[DATA EXTRACTS Boundary: Start]

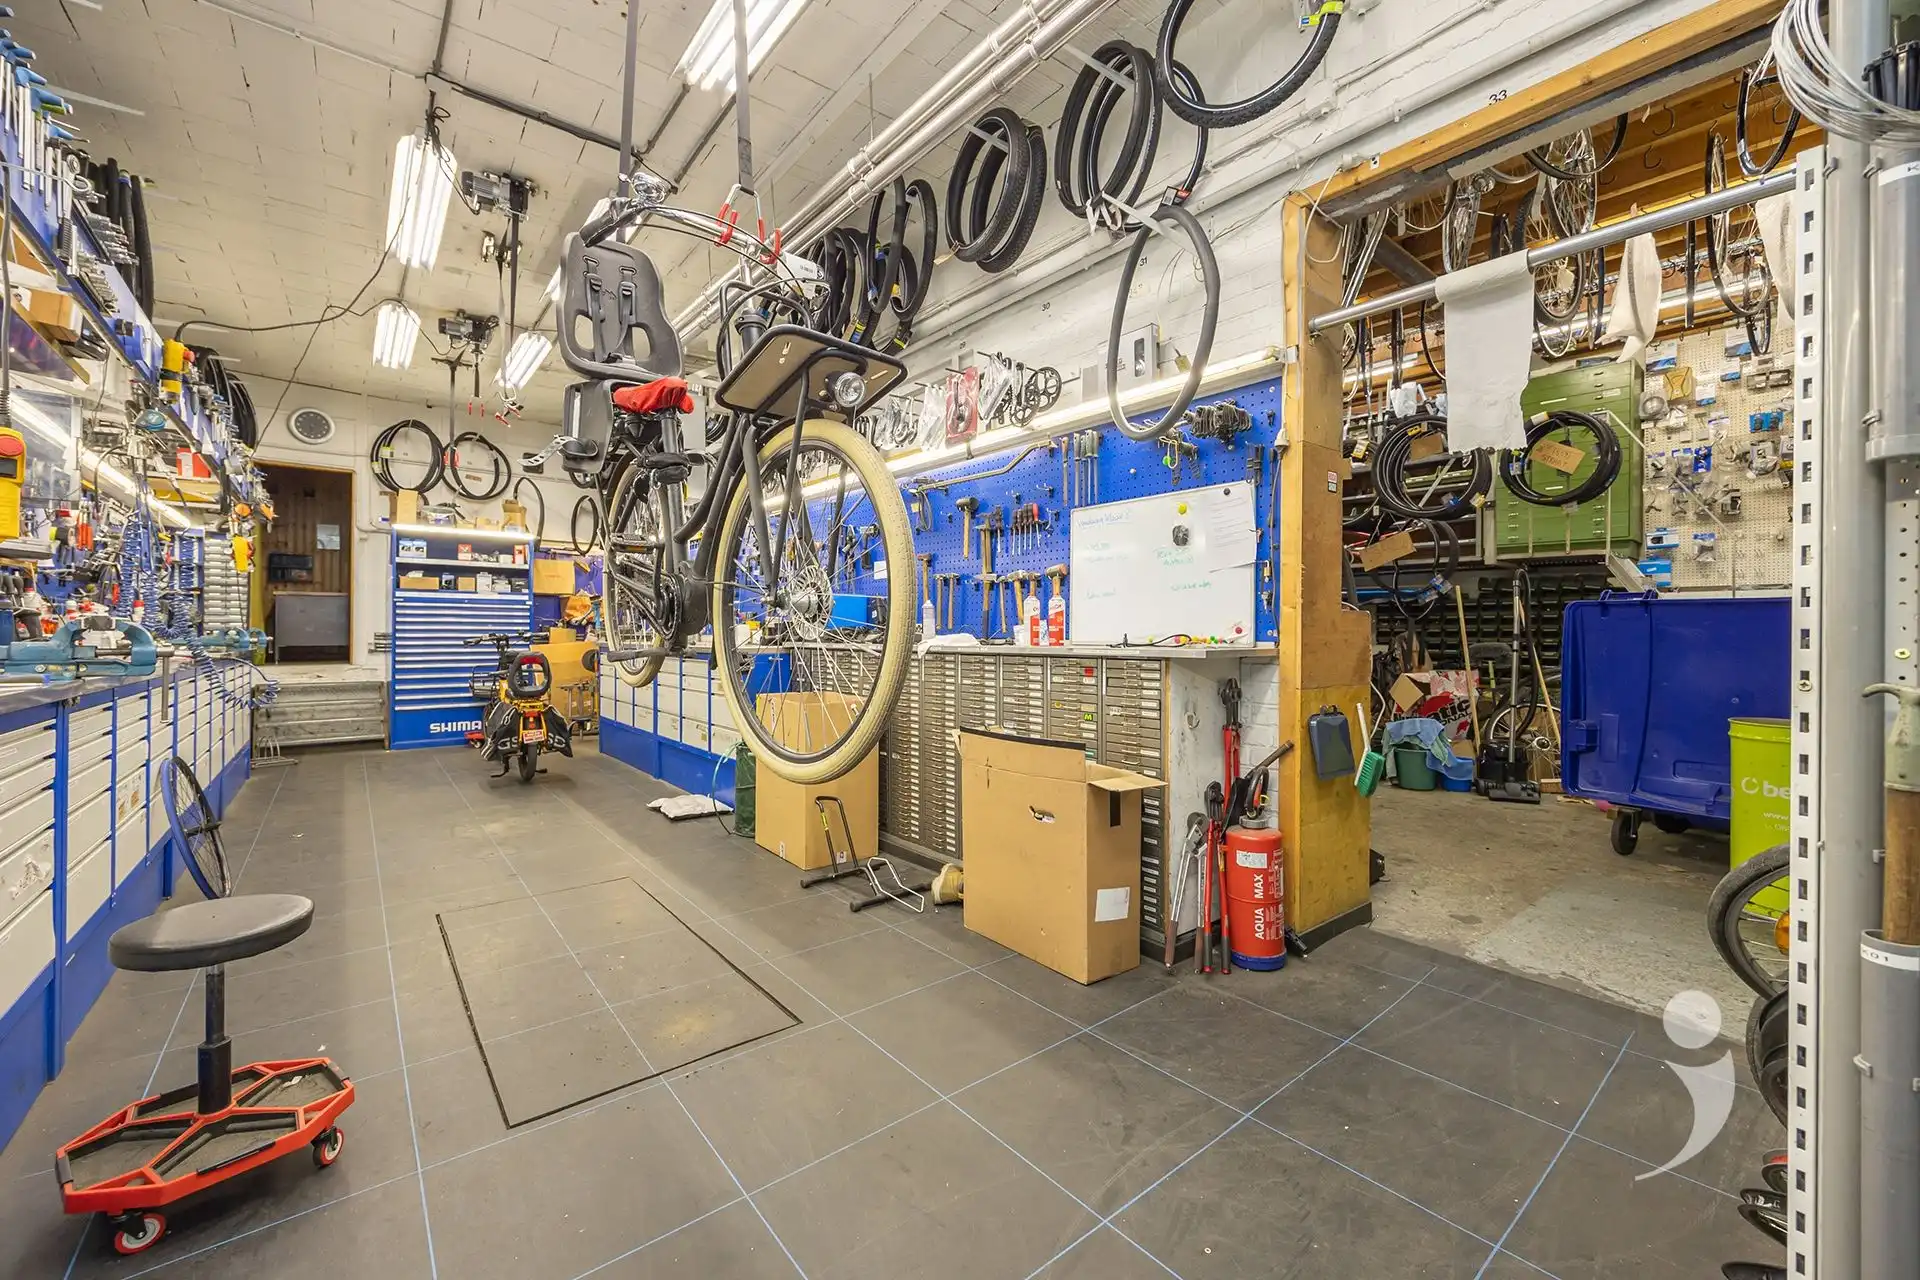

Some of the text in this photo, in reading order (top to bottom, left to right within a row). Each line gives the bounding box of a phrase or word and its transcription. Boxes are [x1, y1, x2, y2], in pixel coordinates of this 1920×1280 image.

[1488, 89, 1507, 106] 33
[1139, 256, 1148, 267] 31
[1041, 302, 1051, 312] 30
[429, 720, 483, 734] SHIMA
[1762, 780, 1790, 799] be
[1254, 873, 1264, 899] MAX
[1254, 907, 1265, 940] AQUA

[DATA EXTRACTS Boundary: End]

§ **ABOUT THIS TASK**:
The preceding listing must be repeated exactly, with all images dropped.

§ **RESULT FOR THIS EXERCISE**:
Some of the text in this photo, in reading order (top to bottom, left to right within a row). Each line gives the bounding box of a phrase or word and its transcription. Boxes are [x1, y1, x2, y2], in pixel coordinates of this 1920×1280 image.

[1488, 89, 1507, 106] 33
[1139, 256, 1148, 267] 31
[1041, 302, 1051, 312] 30
[429, 720, 483, 734] SHIMA
[1762, 780, 1790, 799] be
[1254, 873, 1264, 899] MAX
[1254, 907, 1265, 940] AQUA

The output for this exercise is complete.